While the Han Dynasty ruled in China, the Huns spread from the western borderland of China and Mongolia into the heart of Asia and Europe and down to India. A loose confederation of peoples, the Huns built a vast empire in central Asia stretching from China to Persia and from the Oxus to the Arabian Sea. Many Chinese and western travellers have left a vivid picture of the Huns' horsemanship, polo-playing, weapons and dress. The Huns were followed by Turkic tribes who established states in Central Asia which obstructed passage along the old-established Silk Roads, although the T'ang Dynasty which began to rule China in 618 AD still managed to send goods and people to the West.

The expansion of Islam

The rise of Islam in Arabia in the seventh century triggered a profound social and religious revolution among the Arabs, who expanded into Asia, Africa and Europe. Their expansion also opened up new vistas in science and philosophy as they began to plumb the ocean of knowledge contained in Greek manuscripts and to translate them into Arabic. Through their contacts with India and China they also followed new developments in mathematics, medicine and astronomy and learned how to manufacture paper, gunpowder, ceramics and silk and muslin cloth. The Arabs now became the intermediaries in a dialogue which extended from China to Venice and then westwards to France, Spain and Portugal. As well as passing on Greek science and philosophy to the newly-developing world of the time, they propagated Indian mathematics, the new symbols of number and the decimal system that became the foundations of modern science. They also disseminated the science of chemistry, knowledge of the properties of metals and of new Chinese technologies, and above all medical information which opened up great possibilities in the human and biological sciences. Arab interest in astronomy led to the development of new concepts of the universe and of cosmogony. In the fields of art and architecture they allied the traditions of the past with scientific and mathematical precision and contributed new forms in building and new tastes in decoration which incorporated calligraphy and arabesque.

In this way the spirit of the Silk Roads was carried on.

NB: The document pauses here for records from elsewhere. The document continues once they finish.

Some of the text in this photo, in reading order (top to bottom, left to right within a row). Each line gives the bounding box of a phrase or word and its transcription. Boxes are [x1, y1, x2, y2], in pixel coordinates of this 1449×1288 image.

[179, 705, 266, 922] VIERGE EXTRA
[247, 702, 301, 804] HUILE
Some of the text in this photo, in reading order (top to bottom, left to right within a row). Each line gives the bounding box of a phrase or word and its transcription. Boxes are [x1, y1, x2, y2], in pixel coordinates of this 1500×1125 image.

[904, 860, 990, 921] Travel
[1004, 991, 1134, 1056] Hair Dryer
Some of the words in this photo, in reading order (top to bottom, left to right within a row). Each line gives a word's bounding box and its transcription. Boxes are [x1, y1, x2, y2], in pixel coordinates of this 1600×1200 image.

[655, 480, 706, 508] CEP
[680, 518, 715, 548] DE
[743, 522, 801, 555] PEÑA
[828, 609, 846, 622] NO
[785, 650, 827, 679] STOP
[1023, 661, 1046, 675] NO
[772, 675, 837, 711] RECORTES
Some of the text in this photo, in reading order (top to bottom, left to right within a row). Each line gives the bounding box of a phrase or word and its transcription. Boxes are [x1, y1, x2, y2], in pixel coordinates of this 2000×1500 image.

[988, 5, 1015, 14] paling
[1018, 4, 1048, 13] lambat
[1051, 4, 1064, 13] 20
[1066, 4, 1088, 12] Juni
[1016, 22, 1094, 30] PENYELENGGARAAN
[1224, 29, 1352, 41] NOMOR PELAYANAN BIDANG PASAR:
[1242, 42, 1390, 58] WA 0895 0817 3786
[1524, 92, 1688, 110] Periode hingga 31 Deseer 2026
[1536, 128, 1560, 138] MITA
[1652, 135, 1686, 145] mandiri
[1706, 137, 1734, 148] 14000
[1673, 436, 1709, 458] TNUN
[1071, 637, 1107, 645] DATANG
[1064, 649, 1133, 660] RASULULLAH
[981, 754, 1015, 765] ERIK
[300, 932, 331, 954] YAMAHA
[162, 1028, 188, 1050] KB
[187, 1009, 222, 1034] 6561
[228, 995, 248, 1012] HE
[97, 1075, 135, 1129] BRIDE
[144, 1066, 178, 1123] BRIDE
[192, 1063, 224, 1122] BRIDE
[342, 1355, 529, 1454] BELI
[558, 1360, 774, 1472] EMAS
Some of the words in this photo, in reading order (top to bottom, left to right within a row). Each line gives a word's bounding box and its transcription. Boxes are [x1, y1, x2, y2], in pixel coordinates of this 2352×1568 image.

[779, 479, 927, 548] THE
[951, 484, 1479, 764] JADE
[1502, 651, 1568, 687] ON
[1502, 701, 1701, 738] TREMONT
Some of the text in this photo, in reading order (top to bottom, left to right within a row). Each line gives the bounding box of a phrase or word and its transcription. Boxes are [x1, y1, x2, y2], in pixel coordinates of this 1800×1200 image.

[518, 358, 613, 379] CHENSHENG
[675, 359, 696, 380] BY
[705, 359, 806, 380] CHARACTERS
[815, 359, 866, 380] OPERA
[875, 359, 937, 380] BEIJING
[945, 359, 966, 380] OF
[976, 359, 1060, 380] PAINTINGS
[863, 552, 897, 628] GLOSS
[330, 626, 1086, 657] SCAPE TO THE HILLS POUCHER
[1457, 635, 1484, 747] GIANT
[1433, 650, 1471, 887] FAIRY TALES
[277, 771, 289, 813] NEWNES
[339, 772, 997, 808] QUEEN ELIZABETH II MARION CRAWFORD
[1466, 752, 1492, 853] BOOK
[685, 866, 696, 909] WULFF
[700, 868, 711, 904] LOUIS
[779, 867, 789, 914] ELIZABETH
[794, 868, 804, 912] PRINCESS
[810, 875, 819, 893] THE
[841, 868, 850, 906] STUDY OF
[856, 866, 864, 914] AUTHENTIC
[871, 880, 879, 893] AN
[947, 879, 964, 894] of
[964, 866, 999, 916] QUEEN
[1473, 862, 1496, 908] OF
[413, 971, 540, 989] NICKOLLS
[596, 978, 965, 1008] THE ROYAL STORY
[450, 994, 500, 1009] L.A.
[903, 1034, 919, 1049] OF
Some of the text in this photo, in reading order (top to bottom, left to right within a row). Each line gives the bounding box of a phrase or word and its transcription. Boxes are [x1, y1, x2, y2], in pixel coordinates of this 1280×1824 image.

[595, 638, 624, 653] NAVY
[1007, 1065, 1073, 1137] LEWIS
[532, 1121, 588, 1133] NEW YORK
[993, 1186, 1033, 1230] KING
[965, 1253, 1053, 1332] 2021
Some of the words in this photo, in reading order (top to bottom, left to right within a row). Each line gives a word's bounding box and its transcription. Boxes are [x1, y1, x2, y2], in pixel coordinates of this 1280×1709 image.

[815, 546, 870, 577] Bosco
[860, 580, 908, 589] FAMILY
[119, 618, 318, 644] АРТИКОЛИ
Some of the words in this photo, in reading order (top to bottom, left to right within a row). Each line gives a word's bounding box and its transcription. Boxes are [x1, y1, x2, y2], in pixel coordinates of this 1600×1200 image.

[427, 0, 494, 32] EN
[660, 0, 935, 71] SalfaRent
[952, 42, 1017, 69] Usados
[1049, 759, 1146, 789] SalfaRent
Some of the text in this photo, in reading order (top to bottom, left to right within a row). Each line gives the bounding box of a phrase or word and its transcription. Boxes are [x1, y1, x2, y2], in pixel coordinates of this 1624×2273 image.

As the caravans plied from Khotan, Yarkand and Kashgar to Samarkand, Bokhara and Merv and beyond to the markets of the western world, or further south through Balkh, Hamadan and Damascus to Aleppo, or from China westwards to the Caucasus and then on to Istanbul and Venice, they kept alive a dialogue between the peoples of east and west, a process of mutual contact and cooperation that encouraged the peaceful growth of human civilization.